Clockwise from left: chicken nuggets, corn off the cob, spicy tuna roll, Yankee Stadium Meatball Parm, Choomongous Credit: Mike Sula

Nothing bellows “PLAY BALL!” like a spicy tuna roll. At least that’s the case at Stella’s Batting Cages in southwest-suburban Lyons, where for most of its 31-year history batters at one of the 12 indoor fast- and slow-pitch machines sustained themselves with industrial-grade fast food: dogs, corned beef, burgers, fries, nachos, pizza puffs, a Reuben if you were fancy.

But then chef Robin Choi checked in and started rattling the cages. Choi is a 17-year veteran of high-end sushi bars, first in Arizona, then here, where he clocked shifts at the late Kabocha, Japonais by Morimoto, and Dokku, among others. He also spent time at Yusho and with the Boka group, and was the opening chef at Shin Thompson’s Furious Spoon.

Late last year he figured he’d put down some roots, so he and his girlfriend, Randa Shin, formerly the general manager at Furious Spoon, went all in on Stella’s, whose owners were retiring and selling the business to Choi’s parents, who in turn were retiring from their three-decade-old dry-cleaning business down the street.

“‘I’m 38,’ I thought. ‘I’ve led a cook’s life,'” Choi says. “‘How long am I gonna have to pay my dues? I have two kids to support.’ It was about time I did something for myself.” But he wasn’t about to embark upon a safe but unfulfilling retirement flipping burgers. For inspiration, he looked at the way major-league ballparks have begun in recent years to feed fans with increasingly higher expectations for what they put in their bodies.

His menu for the snack bar adjacent to the circular configuration of automated ball spitters riffs on the regional nouveau-signature snack foods of various major league ballparks. There’s the brat banh mi with pickled jicama and Kewpie mayo-mustard blend from Miller Park in Milwaukee.
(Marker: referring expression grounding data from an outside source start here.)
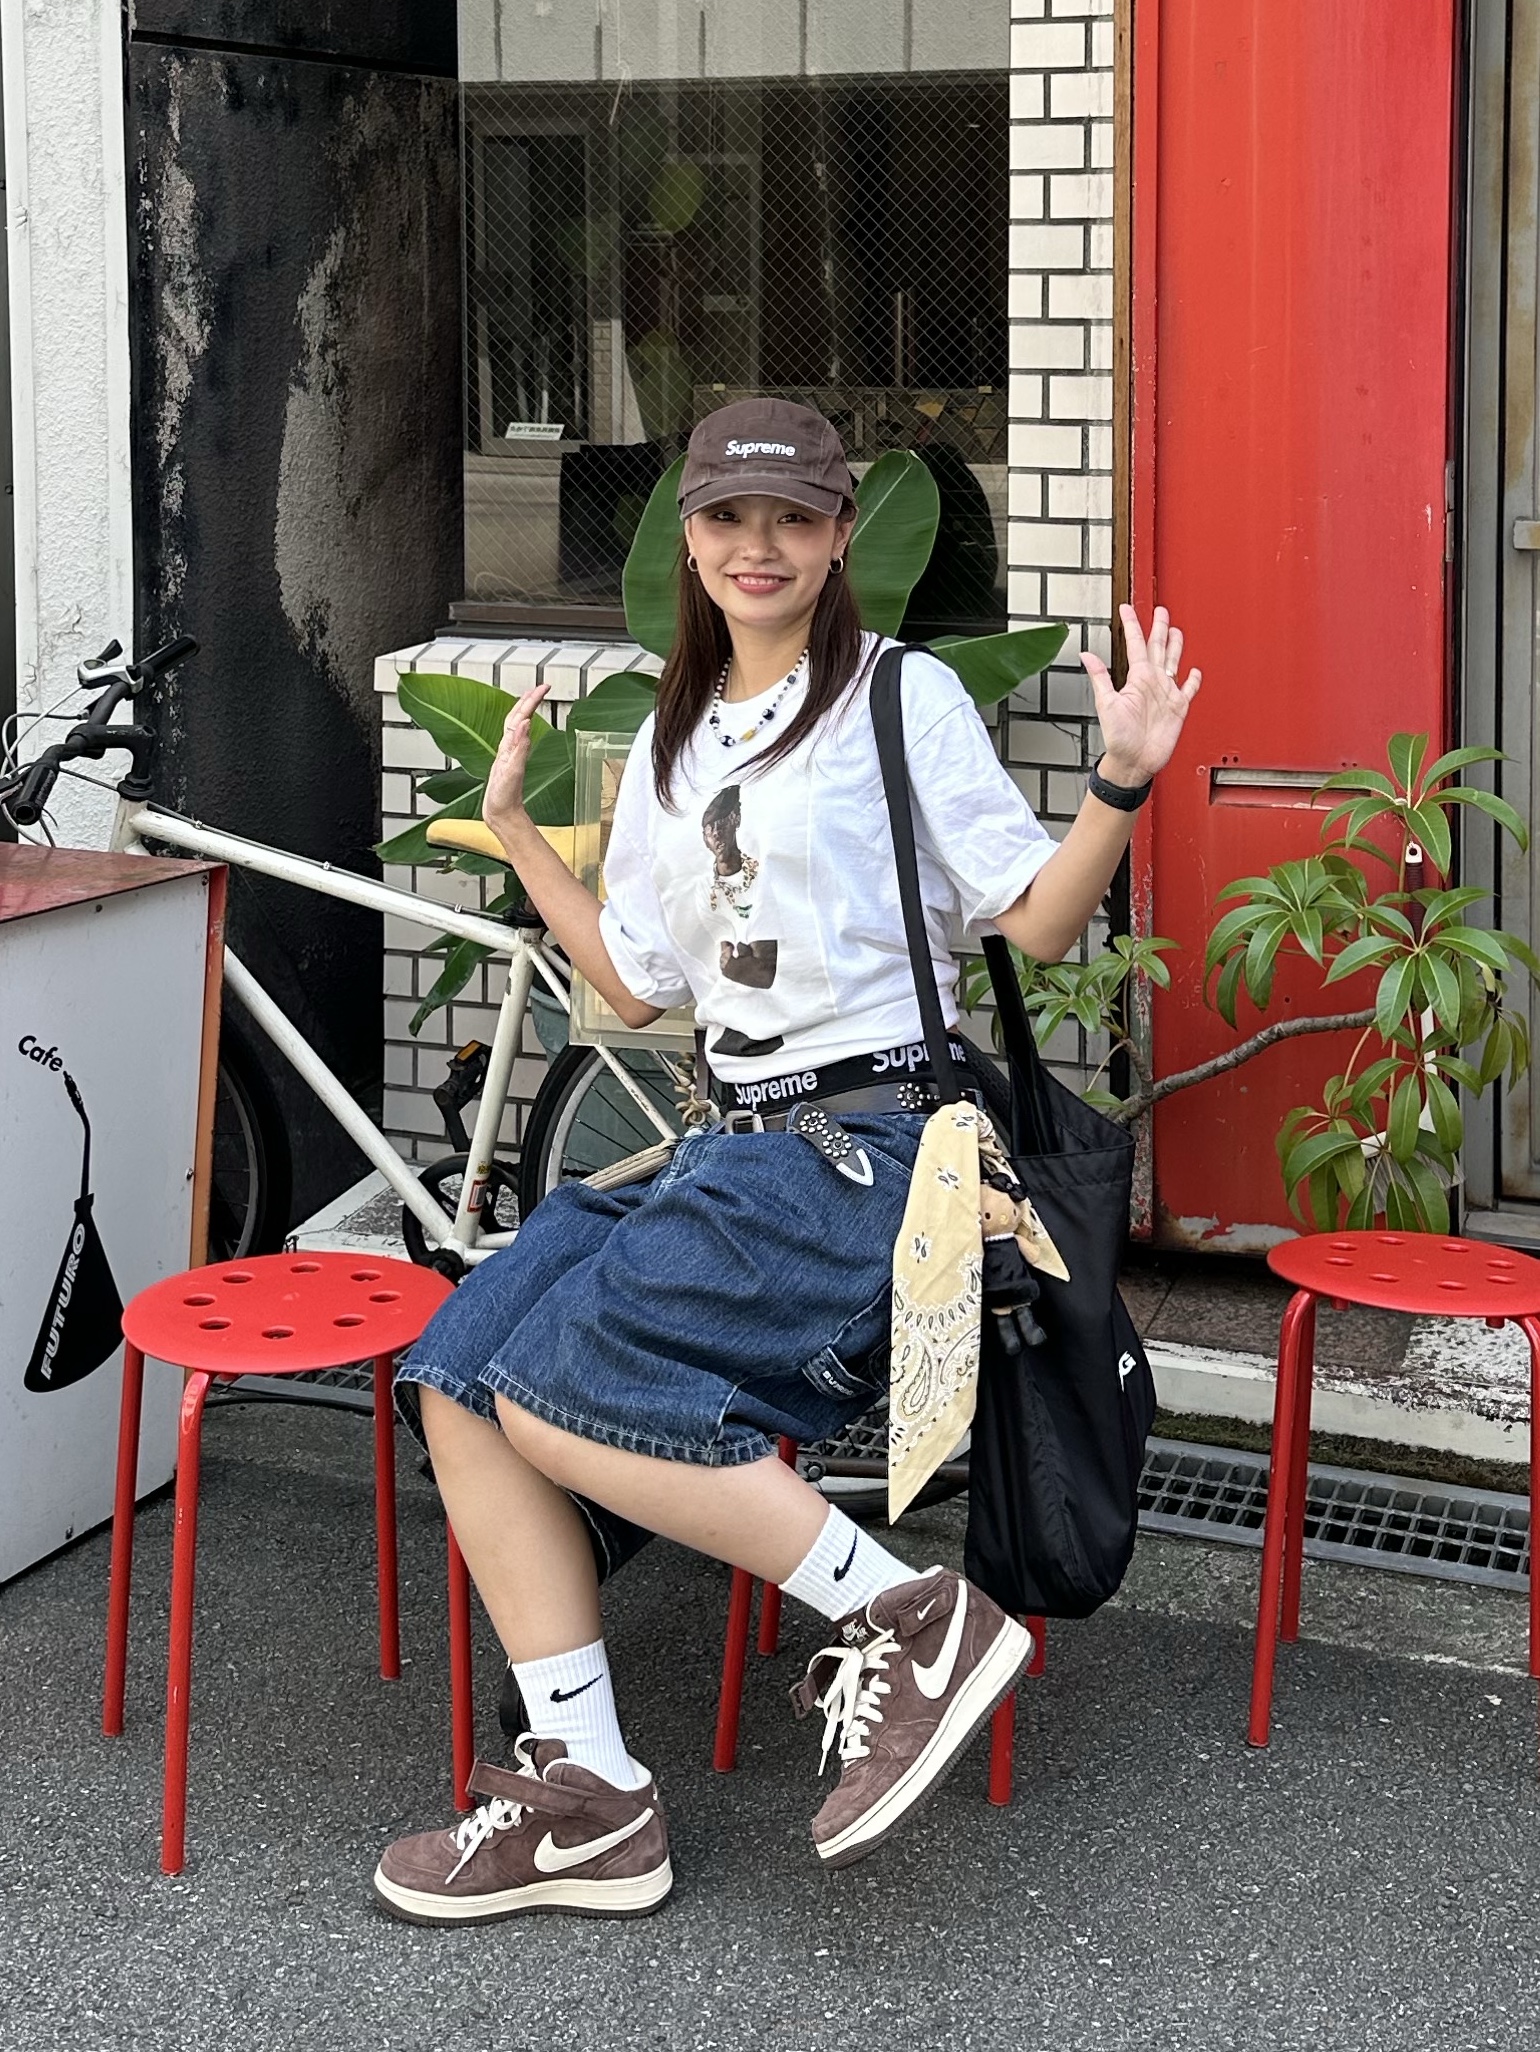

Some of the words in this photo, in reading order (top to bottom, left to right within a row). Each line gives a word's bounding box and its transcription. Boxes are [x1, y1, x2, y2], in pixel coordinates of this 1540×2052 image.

[725, 440, 796, 459] Supreme
[18, 1035, 63, 1072] Cafe
[735, 1070, 818, 1112] Supreme
[41, 1223, 85, 1380] FUTURO
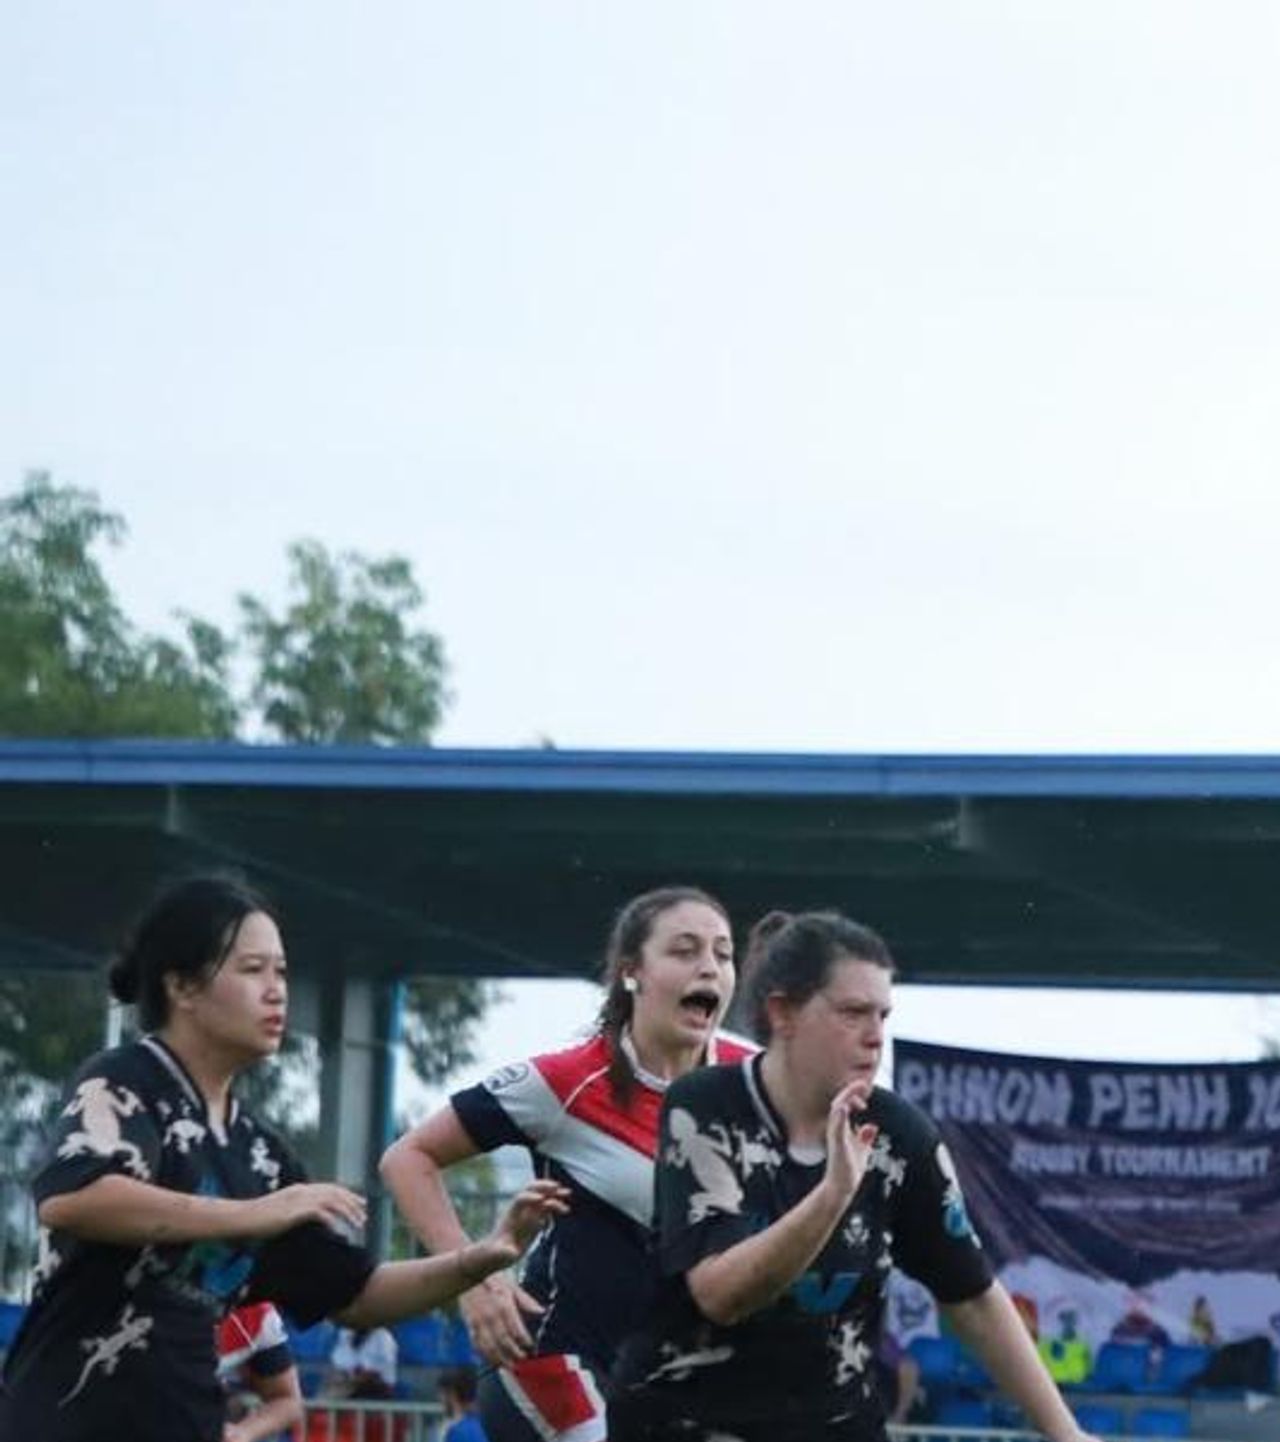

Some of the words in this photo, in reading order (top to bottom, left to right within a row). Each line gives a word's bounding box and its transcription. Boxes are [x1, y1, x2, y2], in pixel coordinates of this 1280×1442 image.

There’s the Korean fried pork belly sandwich with grilled pineapple and “Korean red pepper paste” from the home of the Philadelphia Phillies, a fried chicken waffle cone from Houston, a Cuban sandwich named for Jose Canseco, and some off-the-cob elotes named for Comiskey Park—which sounds way more appetizing than something named after Guaranteed Rate Field.

Yankee Stadium Meatball ParmCredit: Mike Sula

I took a swing at the Yankee Stadium Meatball Parm, described as “baseball-sized meatballs, SMASHED!, breaded then deep fried. Topped with homemade red sauce, melted mozzarella, parmesan + basil. Served on a toasted bun.”

You can easily try to fungo that ball toward the stands, but its size belies its quality. While it’s the previous owner’s recipe, it has a texturally smooth and delicate beef matrix that almost reminds me of a classical fine paté, something only a chef with chops could pull off. It’s a clever, kick-ass sandwich, combining the savory red gravy, the gooey melted mozz, and the crispy fried breading of a proper Parm in a handheld delivery system.

Spicy tuna rollCredit: Mike Sula

At first the regulars didn’t take to the newfangled grub. “In the beginning I got a lot of pushback. People were like ‘What’s a banh mi? Why would you do that to a brat?'” But Choi stood his ground, adding two menu items almost as a provocation: the California and spicy tuna rolls. “It had a purpose,” he says. “It was there to freak people out.” It certainly got their attention; Choi says his most loyal customers always go for the sushi.

You still can get the old-school snacks: the burgers, nachos, soft pretzels, an Italian-beef-and-sausage combo, and eventually folks came around to the new stuff. “I don’t want to disrespect the area, but it’s kind of a black hole for food,” he says. “There’s really not much going on. But once the word got out people were like, ‘Thank you so much for doing something new.'”

Sundae in a Sox helmetCredit: Mike Sula

I know what you’re thinking. But while sushi at the batting cages seems only slightly less dubious than sushi from the gas station, it’s my job to eat. So I opted for the tuna, rolled to order into a tightly jacketed cylinder of firm, fresh flesh and rice that makes the idea of eating raw fish at a snack bar not seem wildly ill-advised.

I rewarded my bravery with a vanilla-chocolate soft-serve sundae in a White Sox batting helmet. As the sounds of ball meeting aluminum pinged over the picnic tables, I realized that one can achieve peak summer at Stella’s Batting Cages.